Strongs Concordance:

 

Easton's Bible Dictionary
Melchizedek

King of righteousness, the king of Salem (q.v.). All we know of him is recorded in Genesis 14:18-20. He is subsequently mentioned only once in the Old Testament, in Psalms 110:4. The typical significance of his history is set forth in detail in the Epistle to the Hebrews, ch. 7. The apostle there points out the superiority of his priesthood to that of Aaron in these several respects, (1) Even Abraham paid him tithes; (2) he blessed Abraham; (3) he is the type of a Priest who lives for ever; (4) Levi, yet unborn, paid him tithes in the person of Abraham; (5) the permanence of his priesthood in Christ implied the abrogation of the Levitical system; (6) he was made priest not without an oath; and (7) his priesthood can neither be transmitted nor interrupted by death- "this man, because he continueth ever, hath an unchangeable priesthood."

The question as to who this mysterious personage was has given rise to a great deal of modern speculation.
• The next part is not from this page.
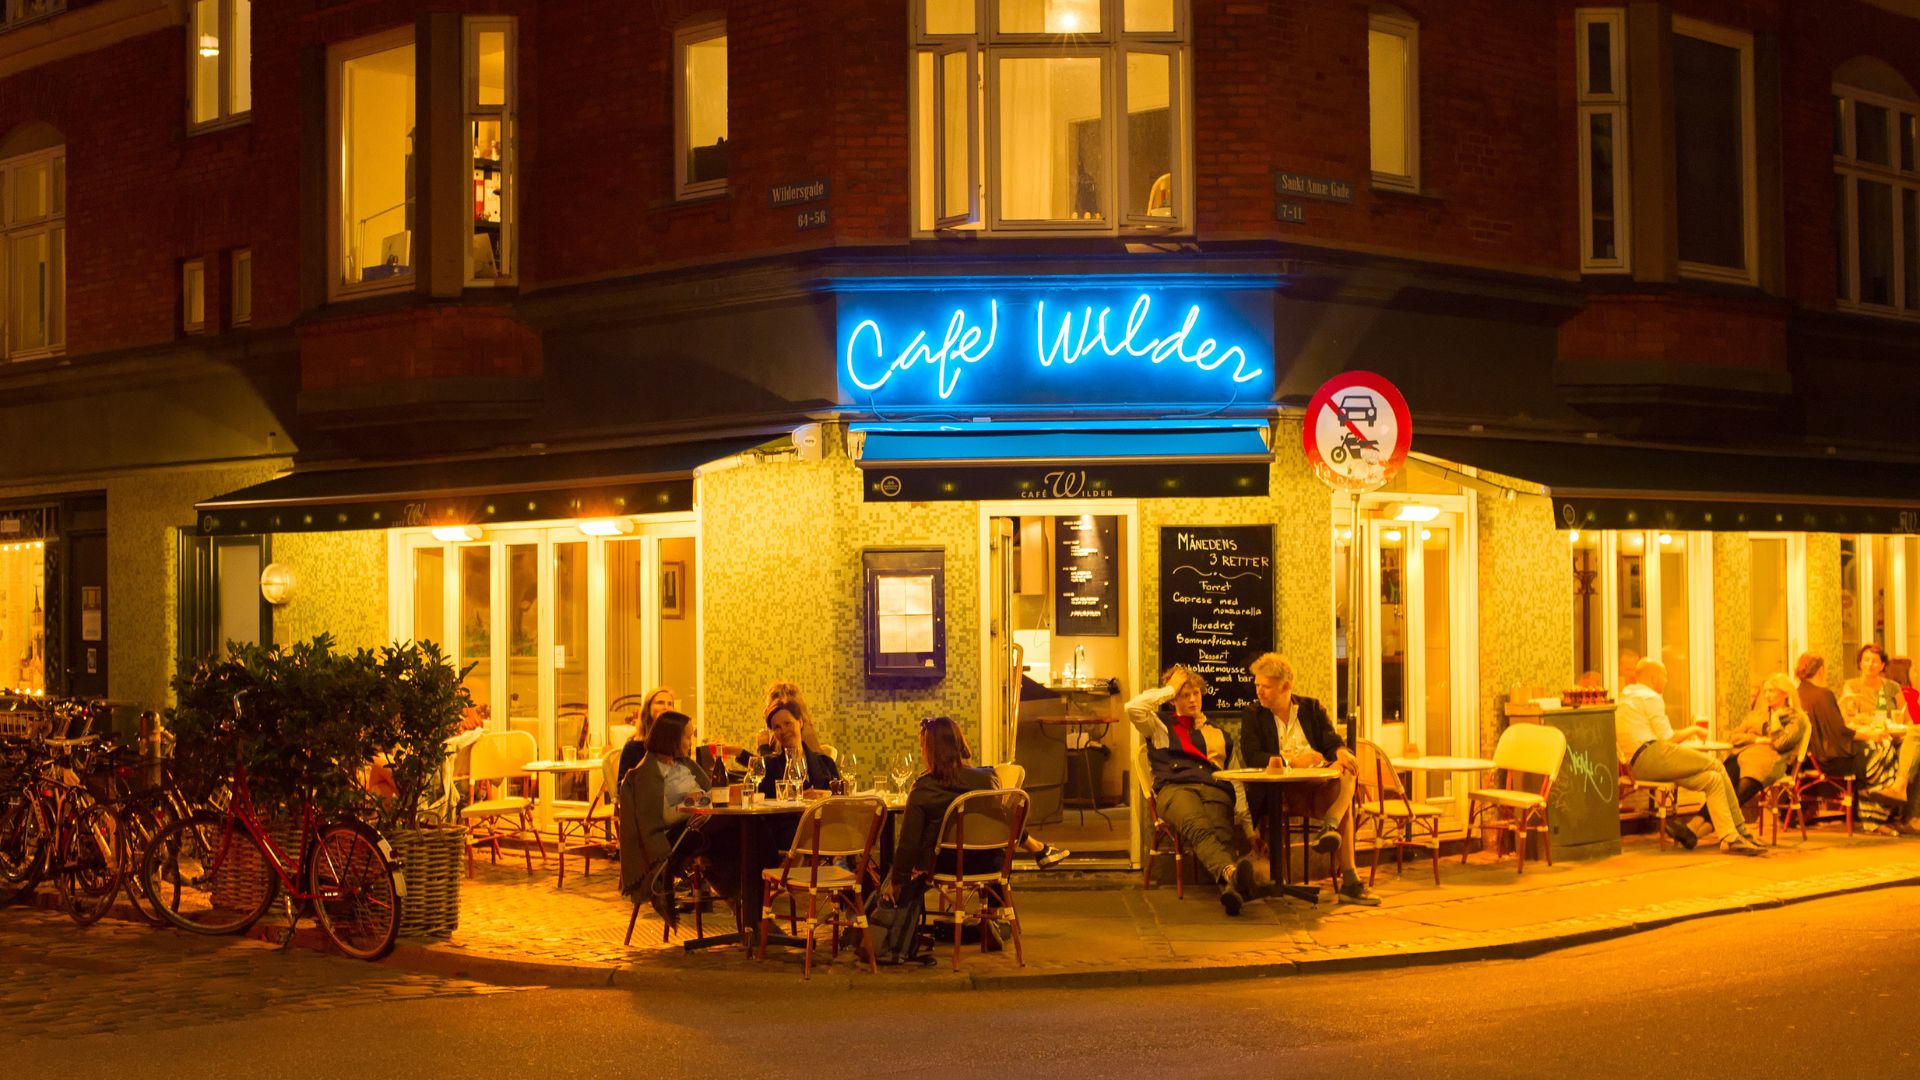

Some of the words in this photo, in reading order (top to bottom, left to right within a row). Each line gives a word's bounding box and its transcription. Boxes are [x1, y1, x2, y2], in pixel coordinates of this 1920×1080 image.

It is an old tradition among the Jews that he was Shem, the son of Noah, who may have survived to this time. Melchizedek was a Canaanitish prince, a worshipper of the true God, and in his peculiar history and character an instructive type of our Lord, the great High Priest (Hebrews 5:6, 7; 6:20). One of the Amarna tablets is from Ebed-Tob, king of Jerusalem, the successor of Melchizedek, in which he claims the very attributes and dignity given to Melchizedek in the Epistle to the Hebrews.


Hitchcock's Names Dictionary
Melchizedek

king of justice


Naves Topical Index
Melchizedek

Smith's Bible Dictionary
Melchizedek

(king of righteousness), king of Salem and priest of the most high God, who met Abram in the valley of Shaveh, which is the king's valley, bought out bread and wine, blessed him, and received tithes from him. (Genesis 14:18-20) The other places in which Melchizedek is mentioned are (Psalms 110:4) where Messiah is described as a priest forever, "after the order of Melchizedek," and (Hebrews 5:1; Hebrews 6:1; Hebrews 7:1) ... where these two passages of the Old Testament are quoted, and the typical relation of Melchizedek to our Lord is stated at great length. There is something surprising and mysterious in the first appearance of Melchizedek, and in the subsequent reference to him. Bearing a title which Jews in after ages would recognize as designating their own sovereign, bearing gifts which recall to Christians the Lord's Supper, this Canaanite crosses for a moment the path of Abram, and is unhesitatingly recognized as a person of higher spiritual rank than the friend of God. Disappearing as suddenly as he came, he is lost to the sacred writings for a thousand years. Jewish tradition pronounces Melchizedek to be a survivor of the deluge, the patriarch Shem. The way in which he is mentioned in Genesis would rather lead to the inference that Melchizedek was of one blood with the children of Ham, among whom he lived, chief (like the king od Sodom) of a settled Canaanitish tribe. The "order of Melchizedek," in (Psalms 110:4) is explained to mean "manner" = likeness in official dignity = a king and priest. The relation between Melchizedek and Christ as type and antitype is made in the Epistle to the Hebrews to consist in the following particulars: Each was a priest, (1) not of the Levitical tribe; (2) superior to Abraham; (3) whose beginning and end are unknown; (4) who is not only a priest, but also a king of righteousness and peace. A fruitful source of discussion has been found in the site of Salem. [SALEM]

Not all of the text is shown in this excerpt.